3. The improvement of claim 1 wherein the teeth of said indexing disk are disposed along a periphery of said disk, wherein said disk is generally planar and defines a plane of said disk and an axis of symmetry, said teeth of said disk extending out of said plane of said disk, said teeth extending generally in a direction parallel to said axis of symmetry of said disk, said teeth extending toward said two pairs of contacts, said spiral spring extending between said indexing disk and said two pairs of contacts and said longitudinal axis of said spiral spring being approximately parallel to said plane of said disk.
4. The improvement of claim 1 wherein said spiral spring has two opposing ends and is fixed at one of said ends and wherein said teeth of said indexing disk engage another one of said ends of said spiral spring, said other one of said ends of said spring being free.
5. The improvement of claim 1 wherein said spiral spring has two opposing ends and is fixed at each end wherein said teeth of said indexing disk contacts the spiral spring between said ends.
6. The improvement of claim 5 wherein said teeth of said indexing disk engage said sprial spring near one of said fixed ends and wherein said contact spring assemblies are actuated by contact with said spiral spring at the portion of said spiral spring between the contact on said indexing disk and spiral spring on one hand and an opposing fixed end of said spiral spring on the other hand.
9. The improvement of claim 8 wherein said transmission gear is disposed between one wall of said housing and said indexing disk.

The present invention relates to an impulse generator.

Such an impulse generator is known from the German published Patent Application (DE-OS) 31 36 598. There the two contact pairs consist of contacts disposed on one center spring and on two outer contact springs. The center contact spring can be deflected by a studded disk directly toward both sides thus coming into an operational connection with the respective outermost contact spring. Upon further rotation, the end of the center contact spring slips over the detent of one tooth and jumps into a center position in which the contacts of the center contact spring do not meet with any contact of the outer spring.

It is the object of the present invention, without involving any considerable investment, to keep the wear of the indexing notches as small as possible, and yet to provide an unobjectionable indexing feel and to safeguard a good contact-making with as little bouncing as possible.

This object is achieved by an impulse generator having two pairs of contacts which are positioned in a mutually spaced relationship.
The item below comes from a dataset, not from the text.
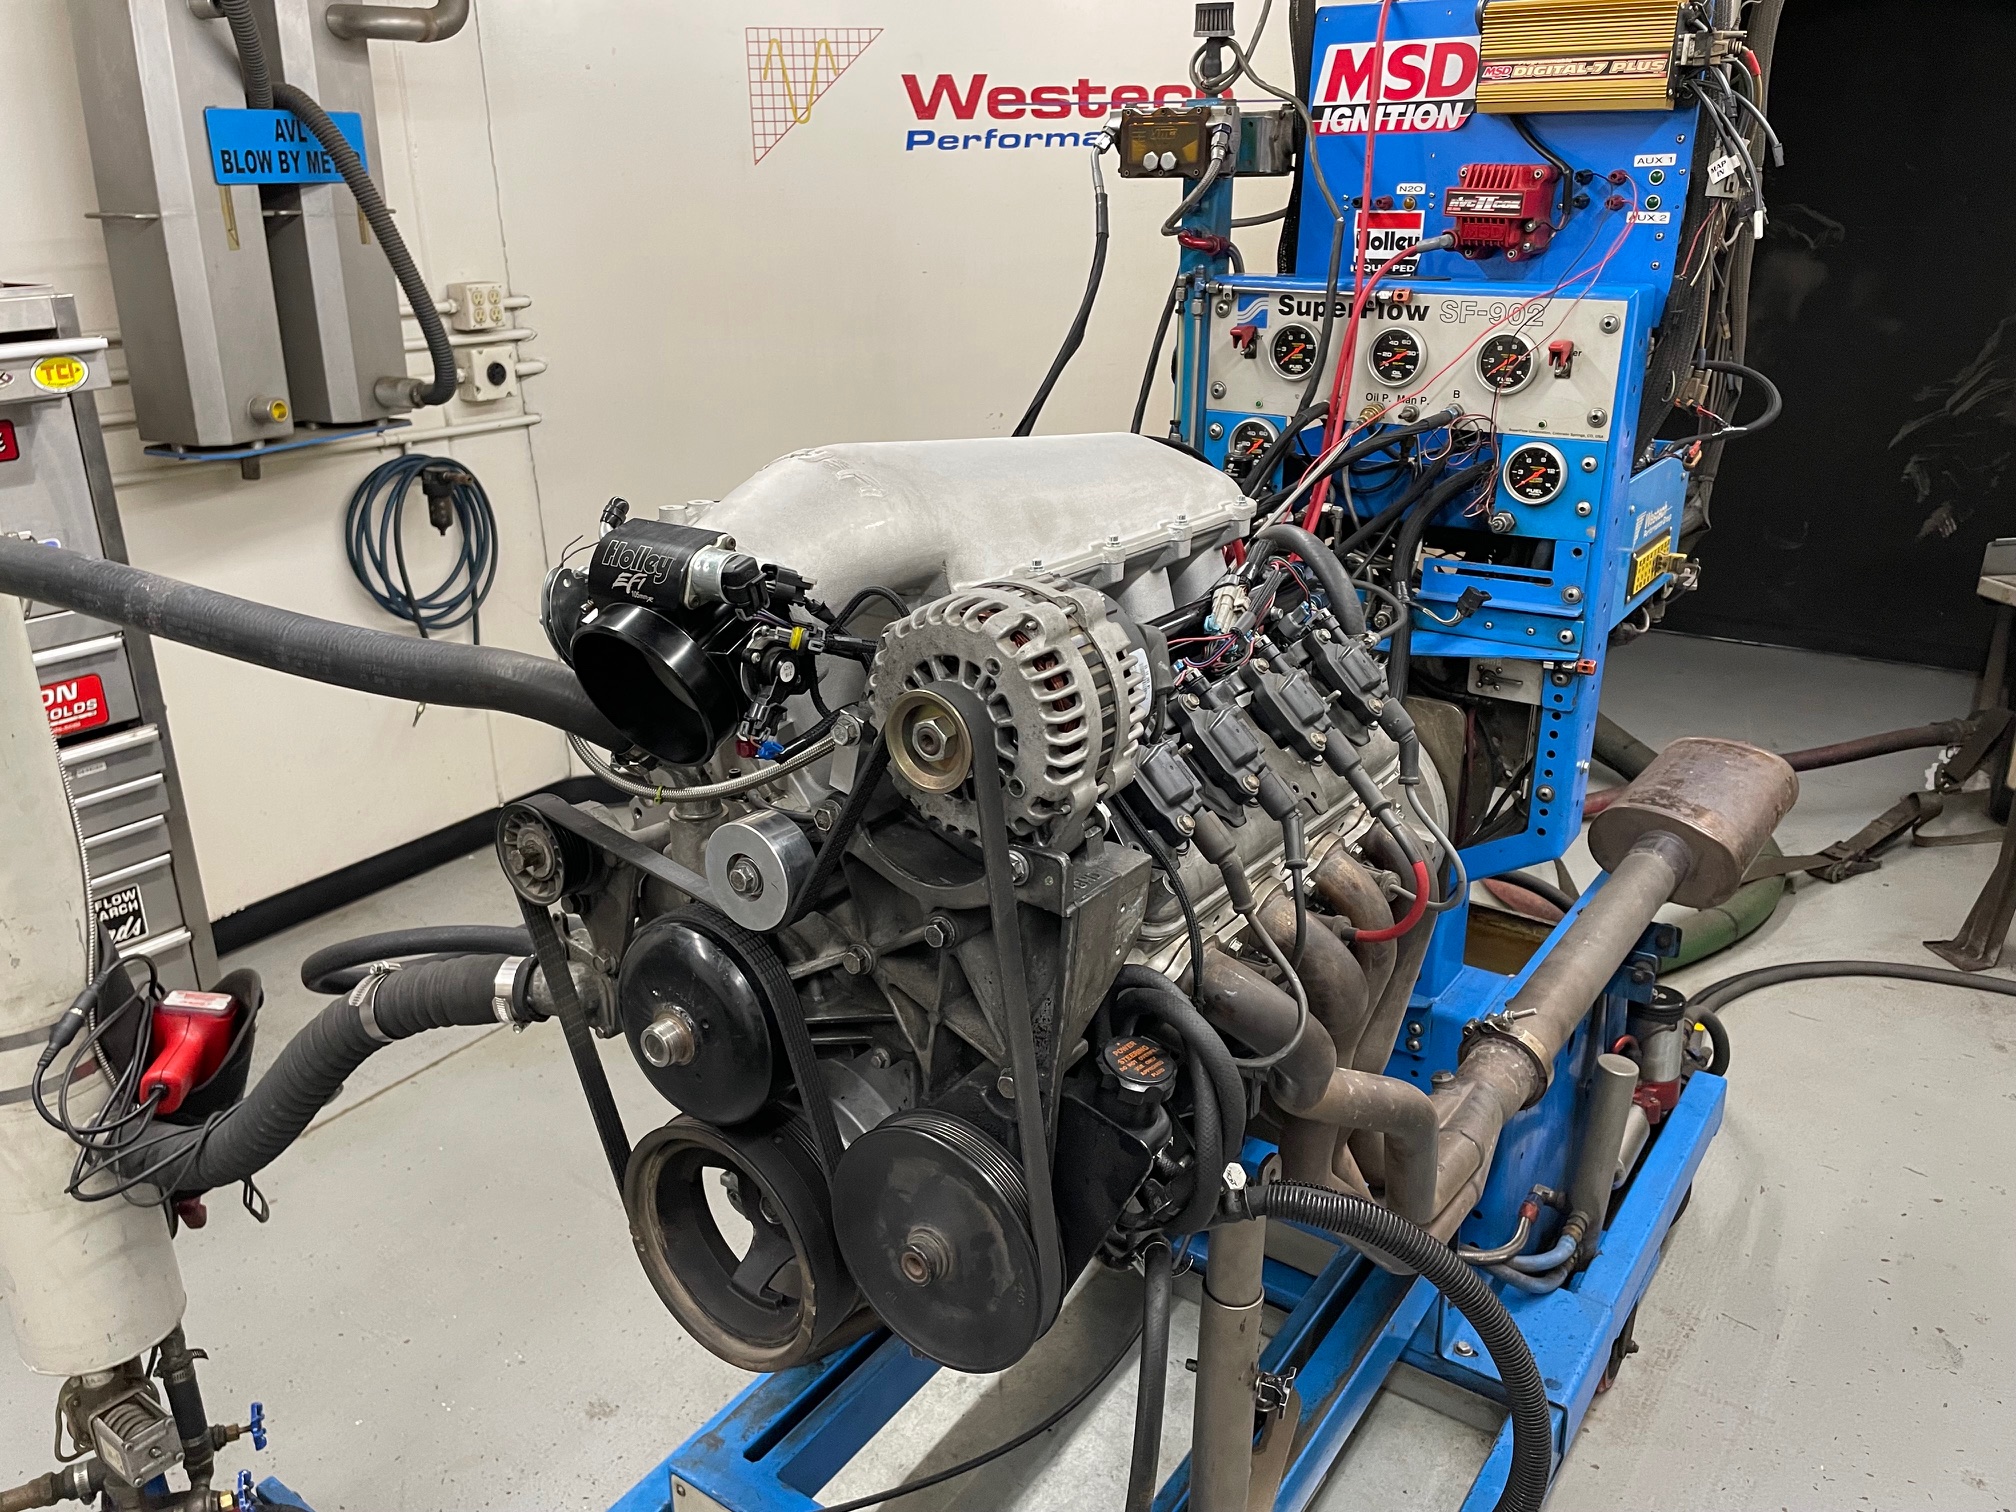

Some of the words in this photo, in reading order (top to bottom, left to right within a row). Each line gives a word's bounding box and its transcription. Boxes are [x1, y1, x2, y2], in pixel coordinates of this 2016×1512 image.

An indexing element is provided between the contact springs. The indexing element is capable of being resiliently deflected in two opposing directions. Upon being deflected in any one of the directions, the indexing element closes one of the two pairs of contacts. Furthermore, there is an indexing disk with notches that are oppositely coupled to the indexing element to deflect it toward a selected one of the contacts. Each of the contacts forms an independent contact spring assembly. The spring assemblies generally lie in a plane. The indexing disk is either disposed above the spring assemblies in within the plane defined by them or is disposed adjacent on one side of the contact springs. The indexing element is a spiral or coil spring which is clamped at least at one end and is disposed such that the longitudinally axis of the spiral spring lies in a direction substantially parallel to the dihedral notch formed in the indexing disk. The notches are defined by adjacent teeth. The teeth are capable of deflecting the spiral spring toward a selected one of the contact spring assemblies. When sufficiently deflected, the spiral spring actuates or closes the contact spring assembly toward which it is deflected.
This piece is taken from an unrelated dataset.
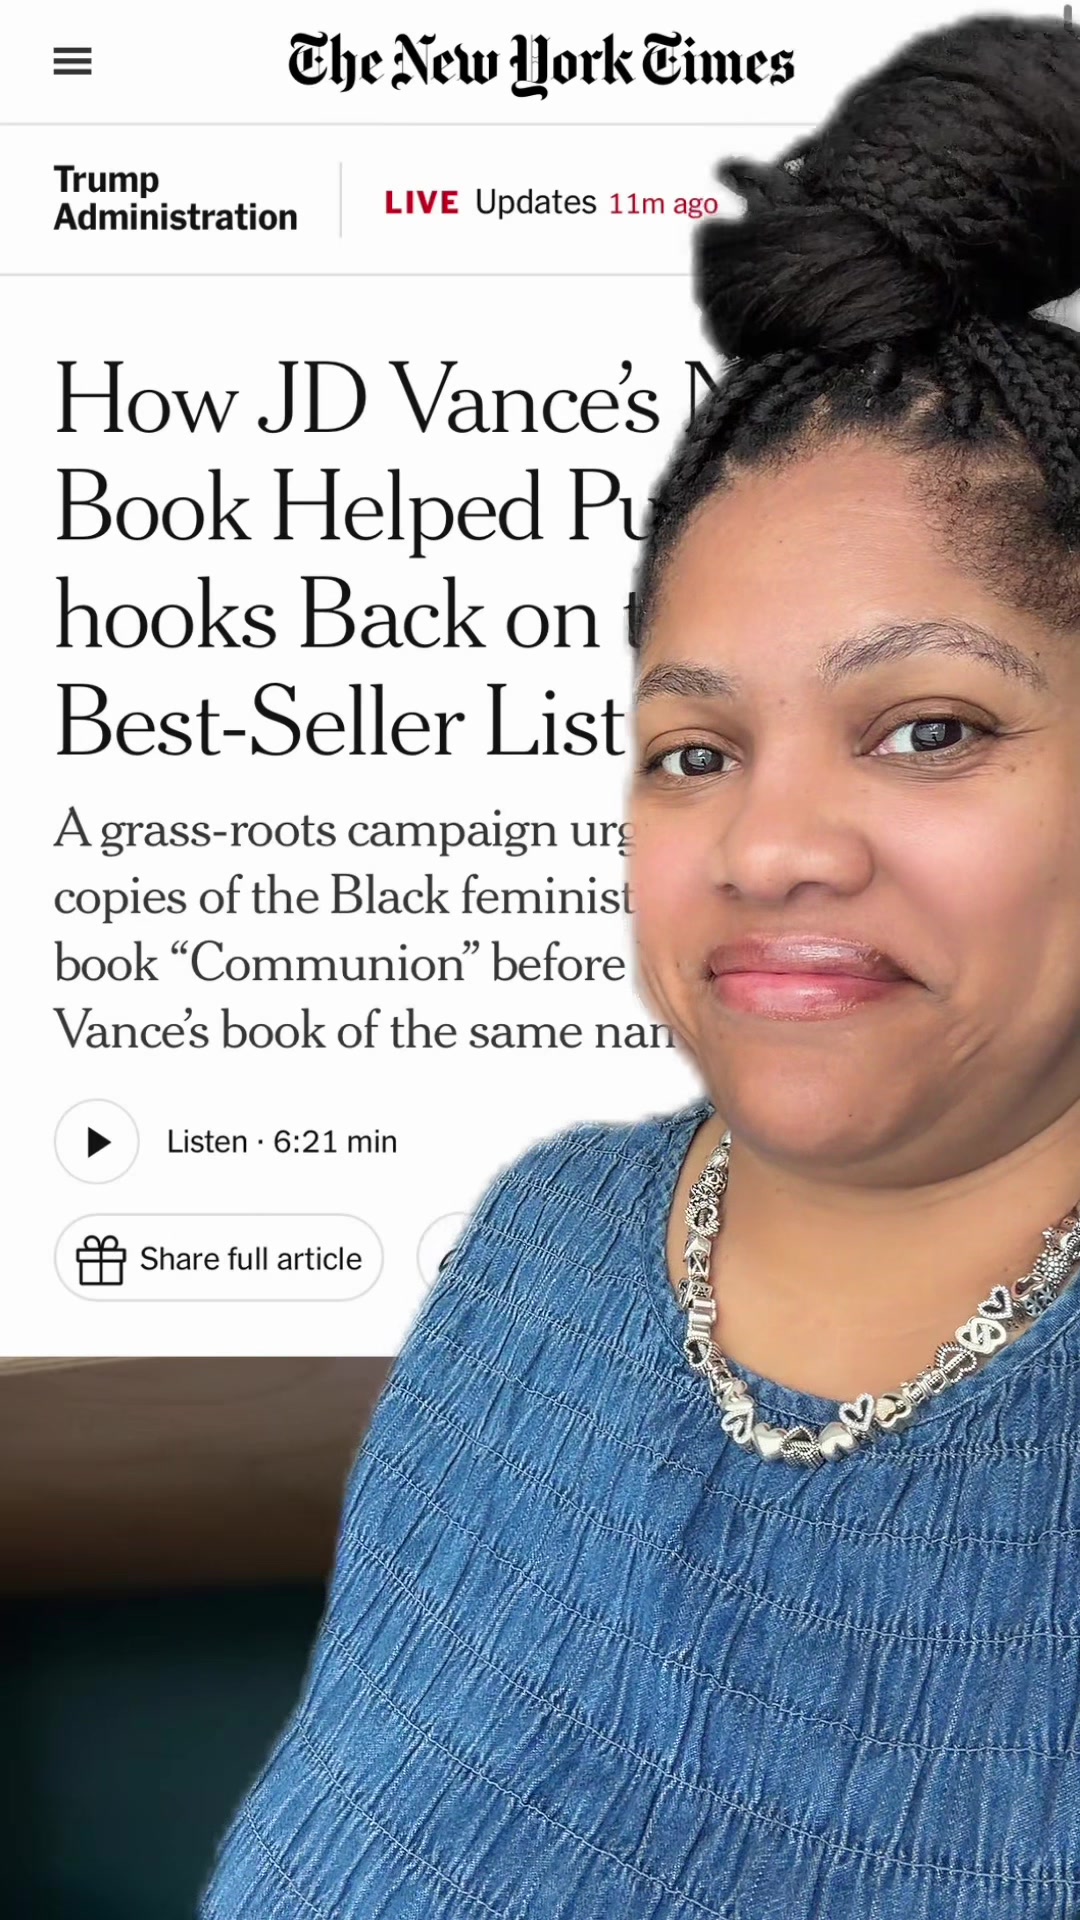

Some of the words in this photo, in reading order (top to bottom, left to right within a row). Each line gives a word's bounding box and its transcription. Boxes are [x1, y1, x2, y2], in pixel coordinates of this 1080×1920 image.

Further advantageous details of the invention will now be described hereinafter with reference to examples of embodiment shown in FIGS. 1 to 6 of the accompanying drawings, in which:

FIG. 1 is the sectional sideview of an impulse generator according to the invention, employing a vertical spiral spring,

FIG. 2 is a bottom view with the housing plate removed,

FIG. 3 is a sectional sideview of an embodiment employing a radial spiral spring,

FIG. 4 is a sectional view taken on line A-B of FIG. 3,

FIG. 5 is a partial view of the indexing disk as shown in FIGS. 3 and 4, and

FIG. 6 is a basic diagram of an impulse generator employing a spur-gear system.

In FIGS. 1 and 2, the reference numeral 1 indicates a pot-shaped housing member which is capable of being closed with the aid of a housing plate 2 preferably in a tight manner. To the housing member 1 there is moulded or mounted a bearing bushing 3 in which a shaft 4 of an indexing disk 5 is pivotly mounted, but undisplaceable owing to the use of a lock washer 6.

Between the top 7 of the housing member 1 and the housing plate 2, in the cavities 8, 9 thereof, there is inserted a spiral spring 10 serving as an indexing element, either without or with only a slight pretension (bias). This spiral spring is disposed in such a way that it, within the area of the one clamping point, hence for example of the recess 8, is capable of coacting with the indexing notches 12 and 12' as provided for on the face 11 of the indexing disk 5, that is, that it either without or with a slight initial stress engages into a dip 13 between two indexing notches 12. The centerline 14 of the spiral spring 10 extends vertically in relation to the indexing notches 12 and, moreover, in this particular case, parallel in relation to the shaft 4.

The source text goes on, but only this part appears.